EU/3/19/2222 - orphan designation for treatment of AL amyloidosis

AL amyloidosis belongs to a group of diseases in which deposits of proteins (called amyloids) accumulate and cause damage in body organs. In AL amyloidosis, the deposits are made of abnormal proteins (called immunoglobulin light chains) produced in excess by malfunctioning white blood cells in the bone marrow. 

In patients with AL amyloidosis, the amyloids can accumulate and cause damage in the kidneys, heart, liver, spleen, nerves, or digestive system.
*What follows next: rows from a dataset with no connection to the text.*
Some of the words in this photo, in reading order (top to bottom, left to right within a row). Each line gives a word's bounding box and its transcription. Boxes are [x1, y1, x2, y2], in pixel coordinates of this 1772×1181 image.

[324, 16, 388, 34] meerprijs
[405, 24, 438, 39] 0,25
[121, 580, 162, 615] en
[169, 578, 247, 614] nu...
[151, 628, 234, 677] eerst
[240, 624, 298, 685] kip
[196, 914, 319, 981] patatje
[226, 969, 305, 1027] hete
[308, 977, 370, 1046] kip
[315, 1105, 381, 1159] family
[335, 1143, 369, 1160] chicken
Symptoms of the condition vary widely depending on which organs are affected by the deposits and how much deposits have accumulated in them.
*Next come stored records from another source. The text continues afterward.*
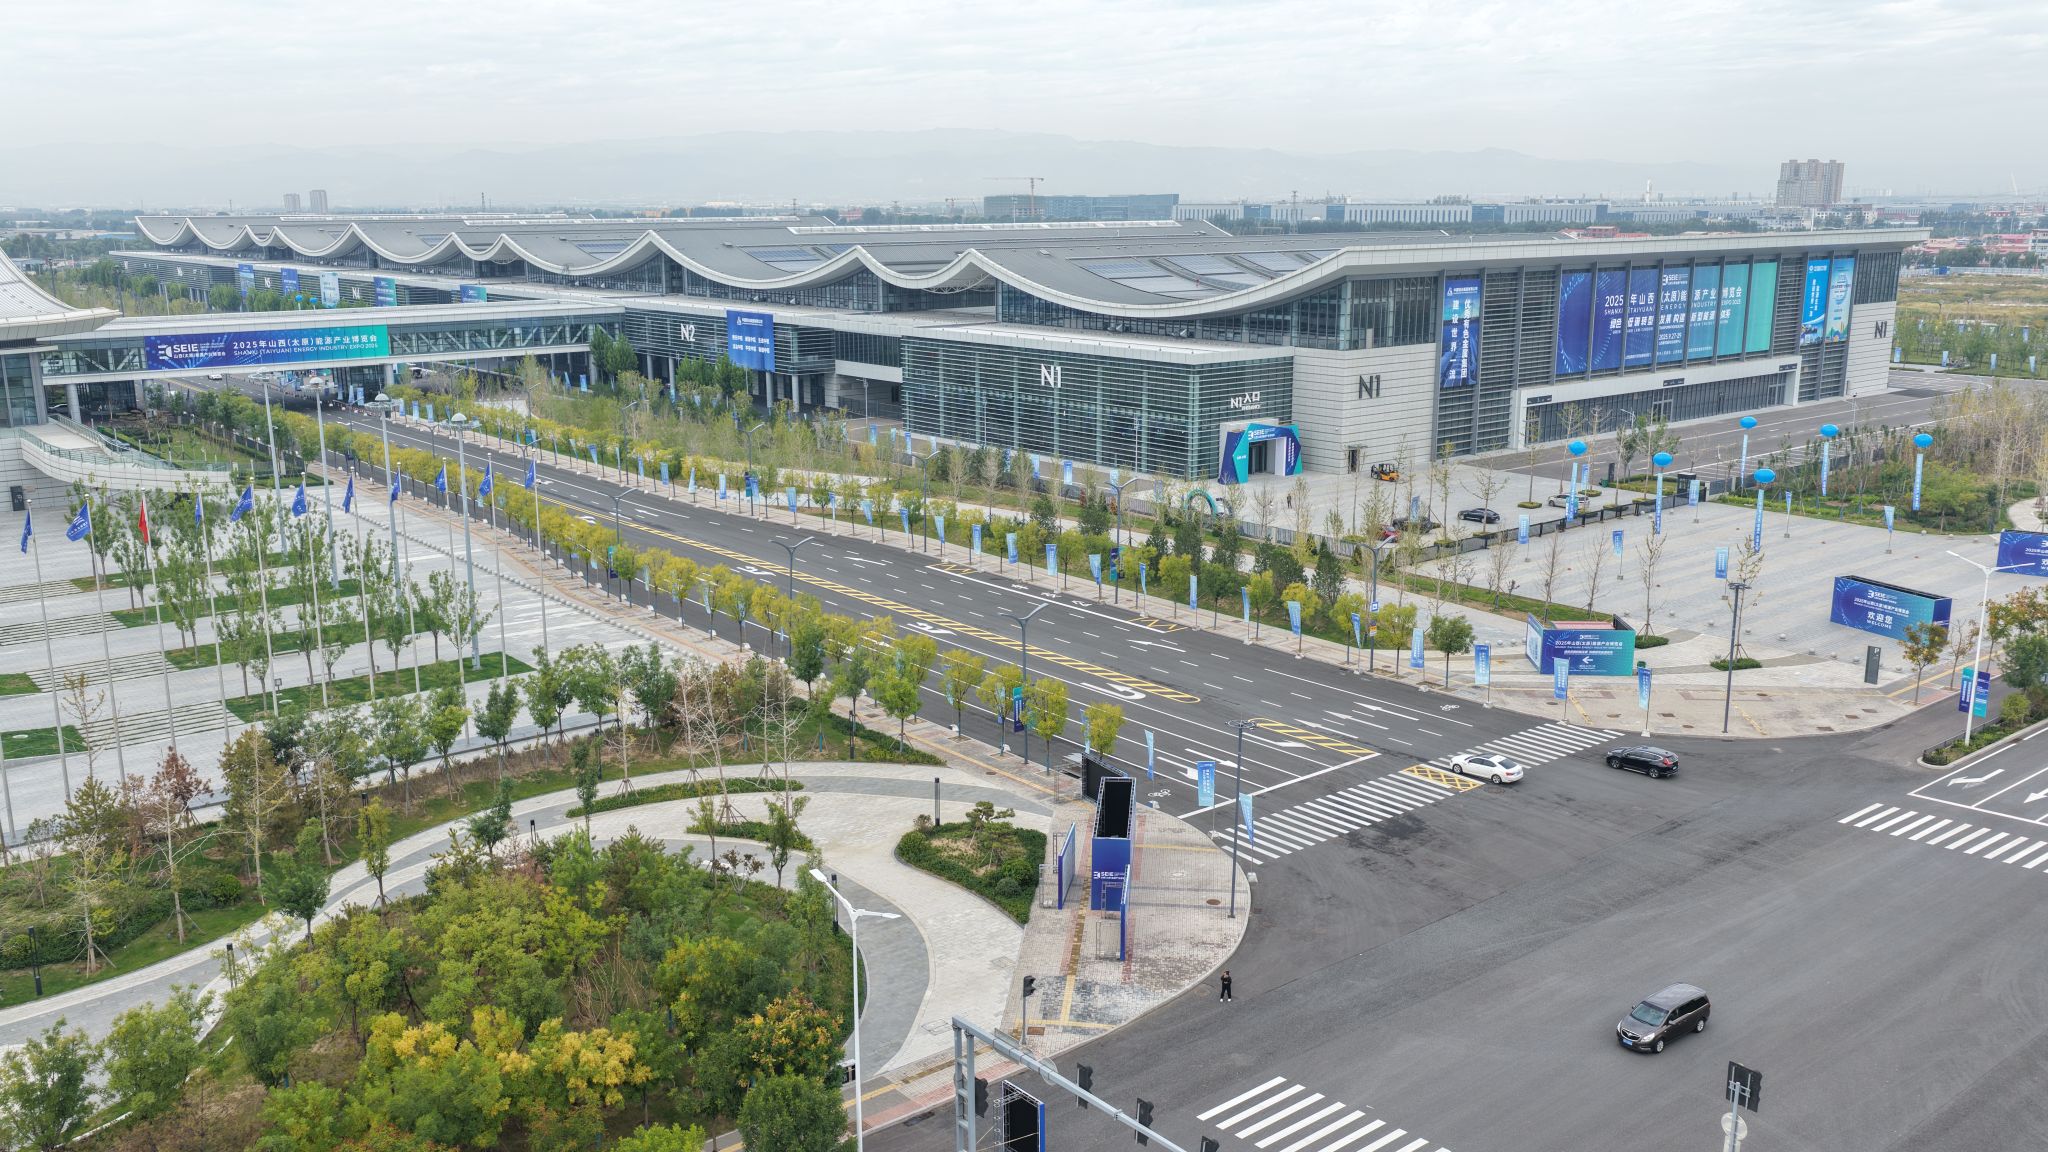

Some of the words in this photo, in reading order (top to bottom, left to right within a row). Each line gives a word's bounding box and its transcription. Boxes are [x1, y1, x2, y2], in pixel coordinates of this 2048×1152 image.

[680, 323, 696, 342] N2
[1874, 320, 1887, 339] N1
[173, 343, 199, 353] SEIE
[318, 344, 348, 352] INDUSTRY
[1449, 299, 1460, 380] 建设世界一流
[1041, 364, 1062, 388] N1
[1358, 374, 1380, 399] N1
[1230, 397, 1242, 408] N1
[1244, 392, 1260, 403] 入口
[1866, 619, 1892, 630] WELCOME
[1867, 611, 1893, 625] 欢迎您
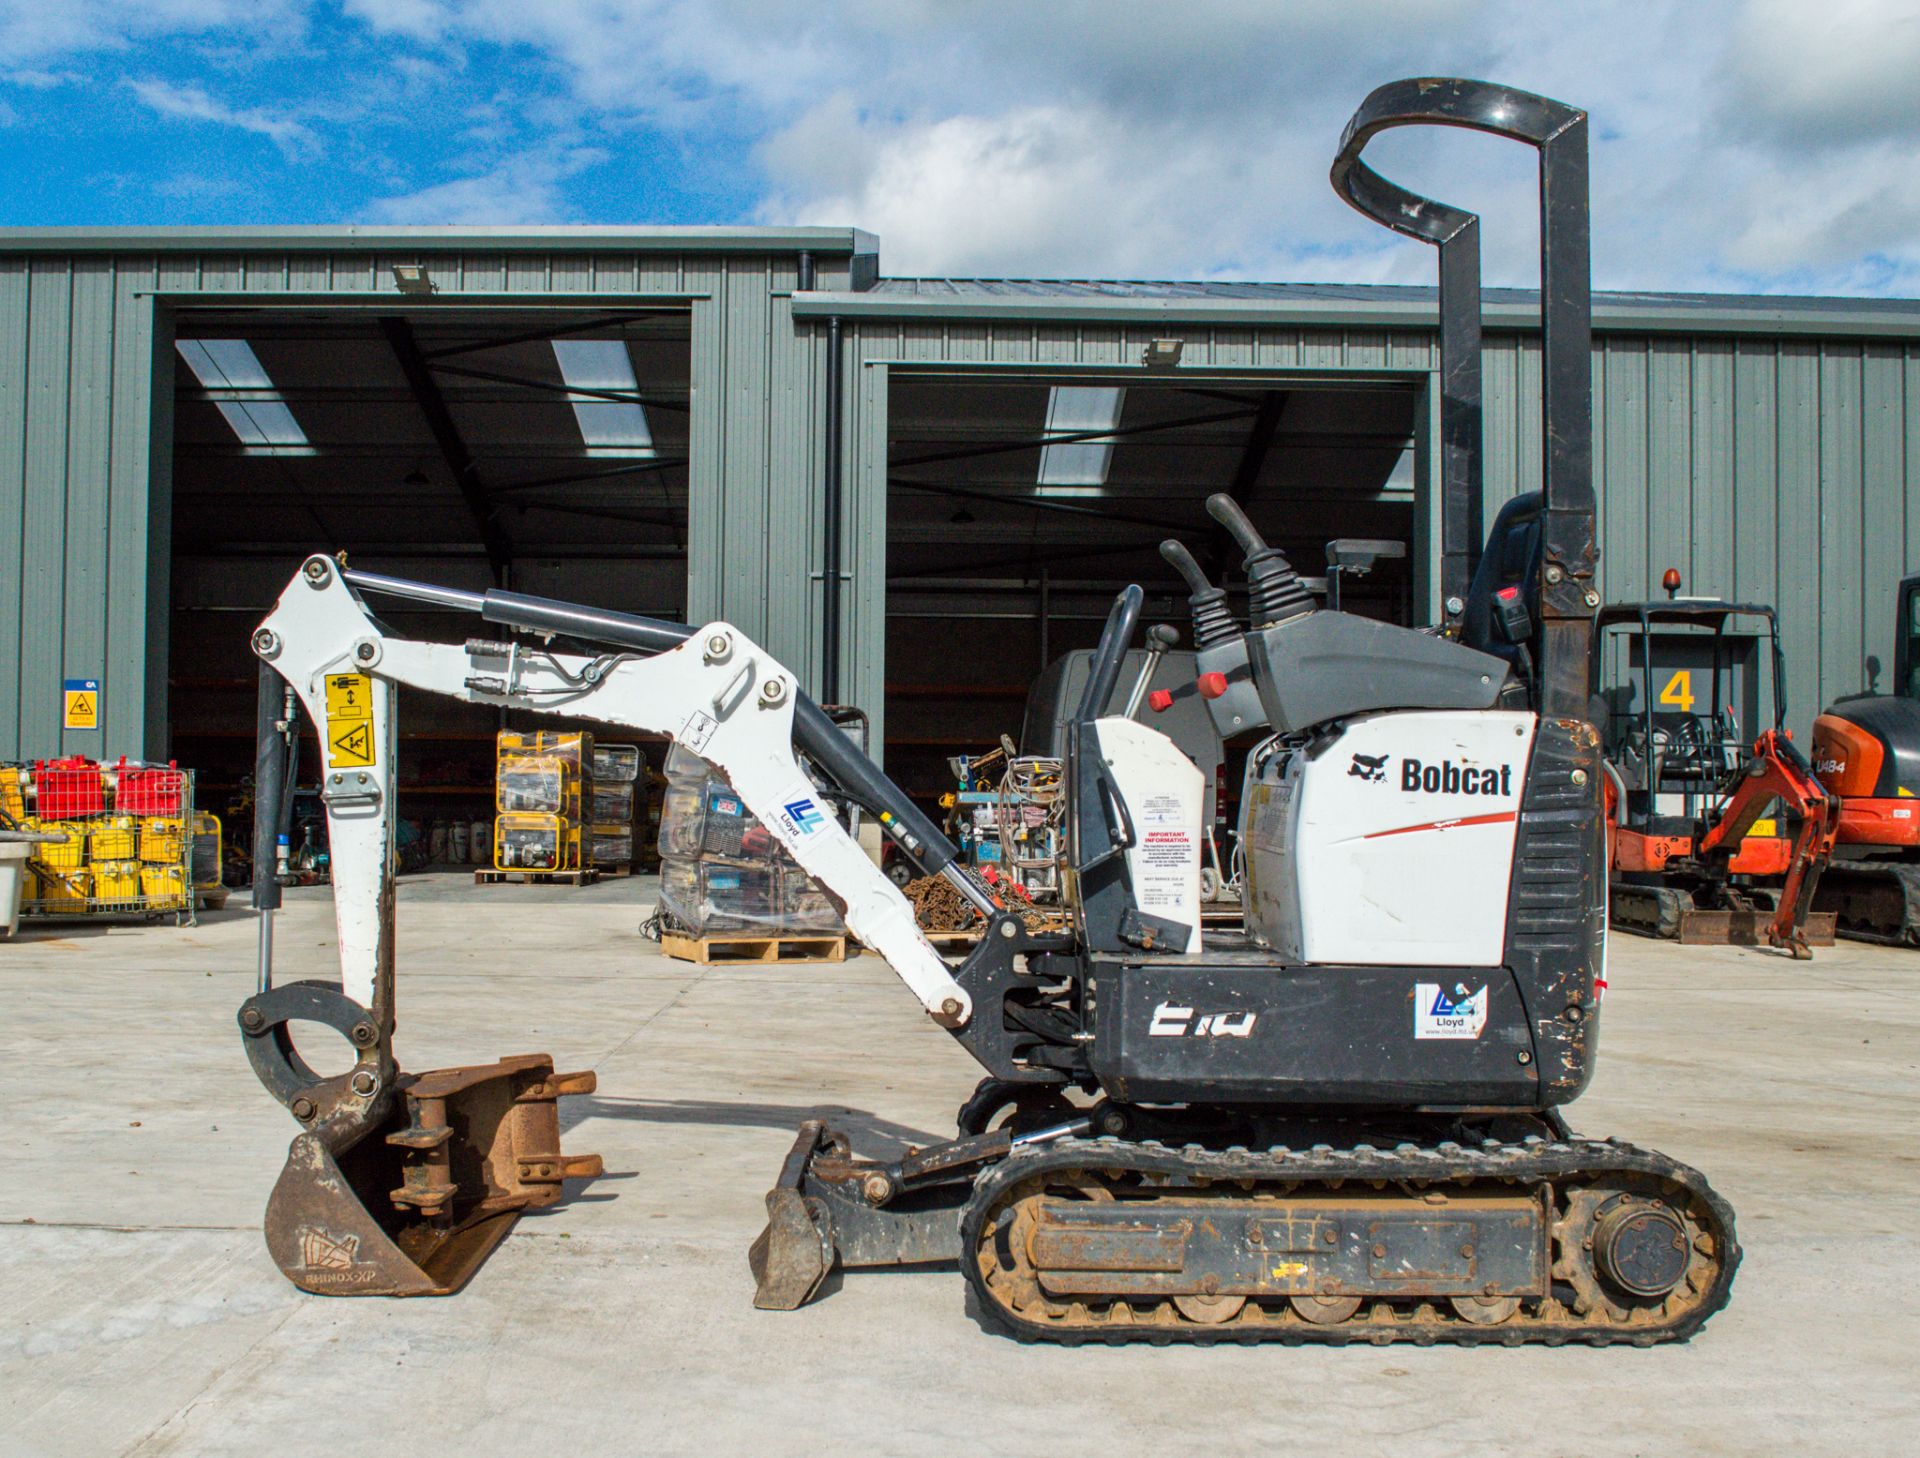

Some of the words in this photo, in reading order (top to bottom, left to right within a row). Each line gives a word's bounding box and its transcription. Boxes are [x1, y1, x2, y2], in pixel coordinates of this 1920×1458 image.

[1660, 670, 1695, 712] 4
[1401, 758, 1511, 796] Bobcat
[780, 813, 800, 836] Lloyd
[1436, 1018, 1464, 1028] Lloyd
AL amyloidosis is a life-threatening and long-term debilitating condition because of the damage to organs, particularly the heart and kidneys.

At the time of designation, AL amyloidosis affected approximately 1 in 10,000 people in the European Union (EU). This was equivalent to a total of around 52,000 people*, and is below the ceiling for orphan designation, which is 5 people in 10,000. This isbased on the information provided by the sponsor and the knowledge of the Committee for Orphan Medicinal Products (COMP).

*Disclaimer: For the purpose of the designation, the number of patients affected by the condition is estimated and assessed on the basis of data from the European Union (EU 28), Norway, Iceland and Liechtenstein. This represents a population of 518,400,000 (Eurostat 2019).

At the time of designation, no medicines were authorised in the EU for the treatment of AL amyloidosis. Patients often received treatment with medicines (chemotherapy) originally designed to treat cancers of white blood cells, in order to target the malfunctioning white blood cells. Stem cell transplantation (a procedure where the patient’s bone marrow is cleared of cells and replaced by stem cells from a donor to form new bone marrow) was used in a small group of newly diagnosed patients.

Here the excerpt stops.